Scientists Eliminate HIV in Live Animals for the First Time Using CRISPR Gene Editing Technique
There may be a lack of a permanent cure for HIV infection but scientists might be inching nearer to finding a solution. Temple health researchers managed to eliminate HIV from live animals fot the first time using gene CRISPR editing.
The study was published on May 3 in the journal Molecular Therapy. Researchers from Lewis Katz School of Medicine at Temple University (LKSOM) and the University of Pittsburgh conducted the study, which shows that they can successfully eliminate HIV DNA from animals.
"Our new study is more comprehensive," Dr. Wenhui Hu, associate professor in the Center of Neuroscience at LKSOM, said in a statement. "We confirmed the data from our previous work and have improved the efficiency of our gene editing strategy."

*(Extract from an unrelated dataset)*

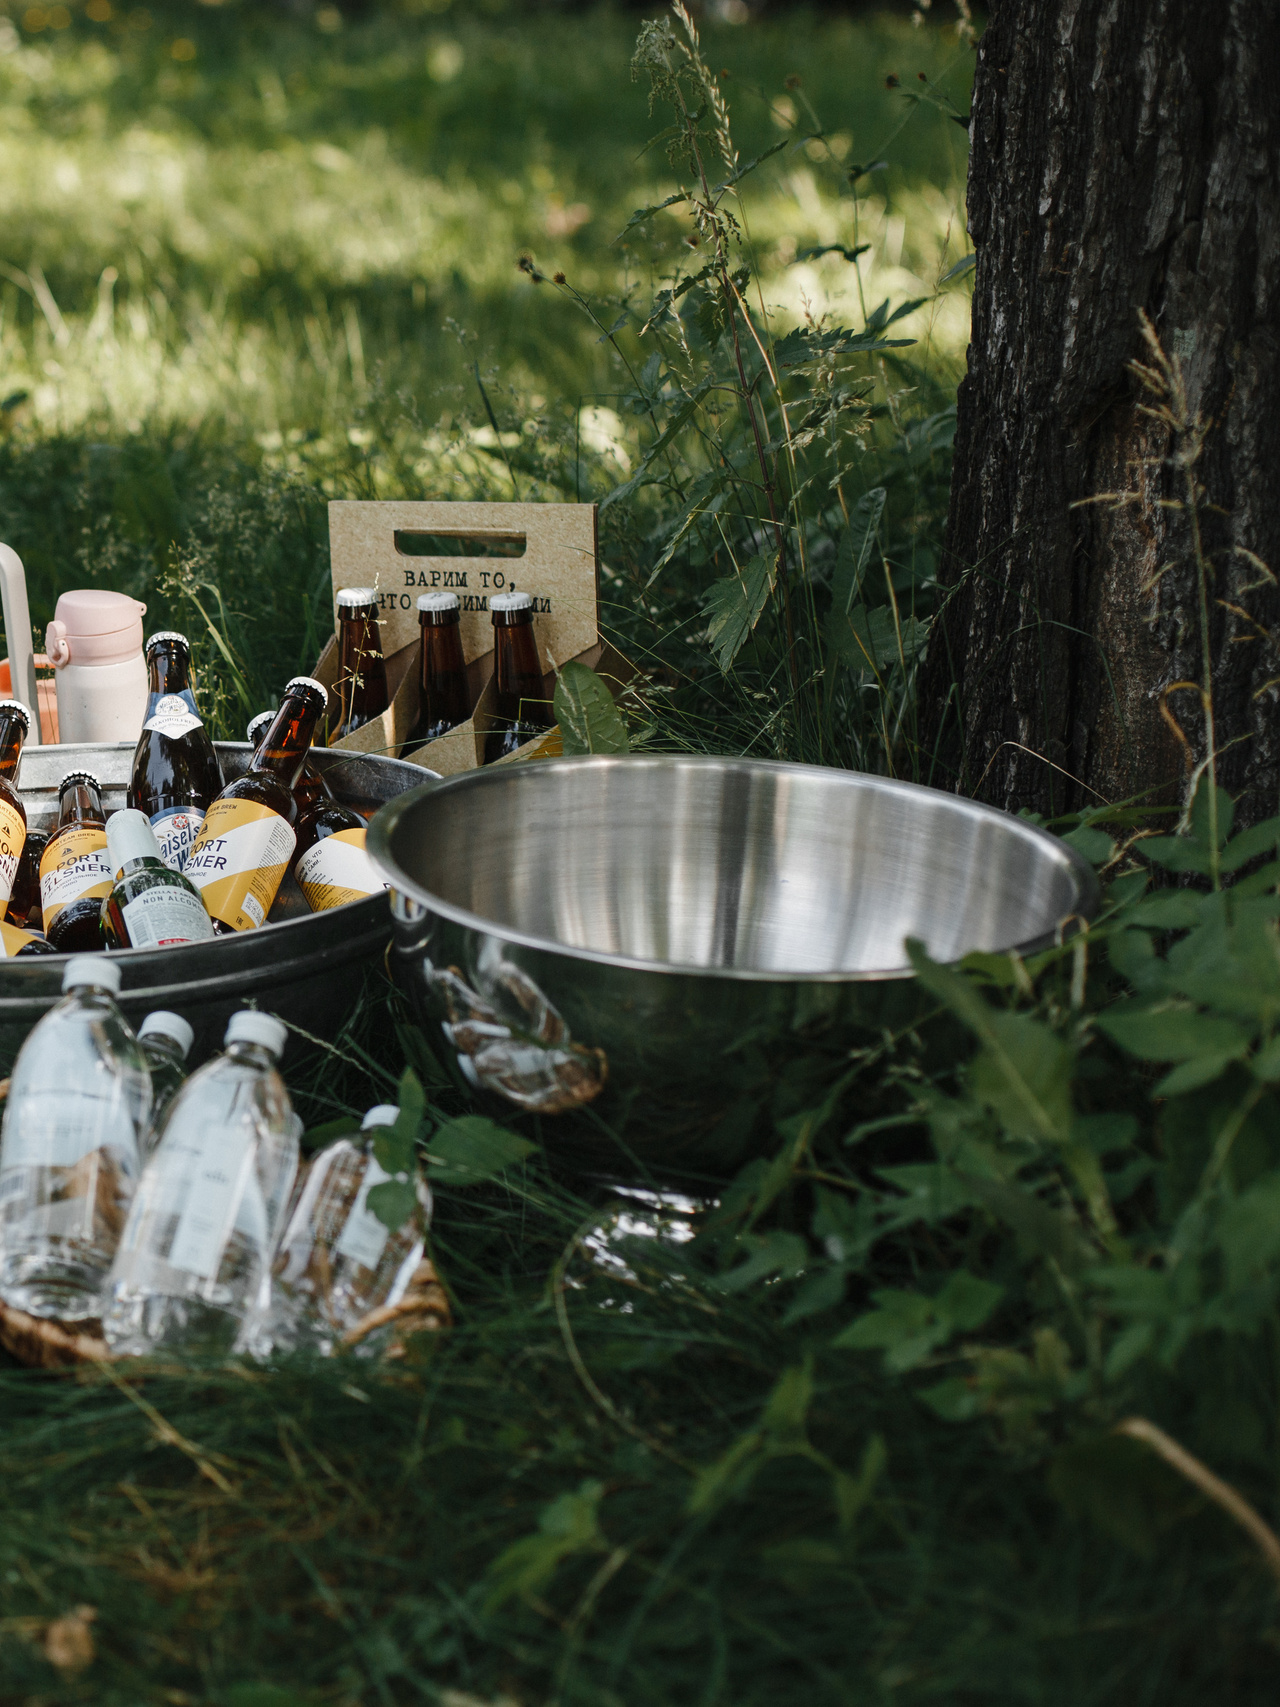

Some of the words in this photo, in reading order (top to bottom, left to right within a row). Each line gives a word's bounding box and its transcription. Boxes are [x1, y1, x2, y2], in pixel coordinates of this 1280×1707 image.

Researchers perform the process in three animal models. Some were even "humanized" using mice with infused human immune cells. The process worked for all living animal models, eliminating HIV DNA successfully. This proves that HIV-1 can be contained and eliminated by gene editing technology known as CRISPR/Cas9. This new gene editing technique was derived from trial and error and by improving previous studies on HIV cure.
"During acute infection, HIV actively replicates," explained co-investigator Kamel Khalili, Ph.D., professor and chair of the department of neuroscience at LKSOM, said. "With EcoHIV mice, we were able to investigate the ability of the CRISPR/Cas9 strategy to block viral replication and potentially prevent systemic infection."
In the new process, the team used EcoHIV strain to infect the mice -- a type of HIV similar to human HIV-1. They found out that during the infection process, HIV replicates. With the new process using CRISPR/Cas9, they managed to contain or block the proliferation of HIV. Based on the study, the success of the experiment is at 96 percent using EchoHIV. Being similar to the human HIV, this is the first time HIV-1 was eradicated by CRISPR/Cas9 system or an advance prophylactic treatment.
To kill the virus, the team used "adeno-associated" viral (rAAV) vector based on subtype AAV-DJ/8. They improved the gene editing apparatus to contain more RNAs to help eliminate HIV. The researchers believe that this is the biggest accomplishement on HIV resarch. However, it is yet too far to determine a formal HIV cure.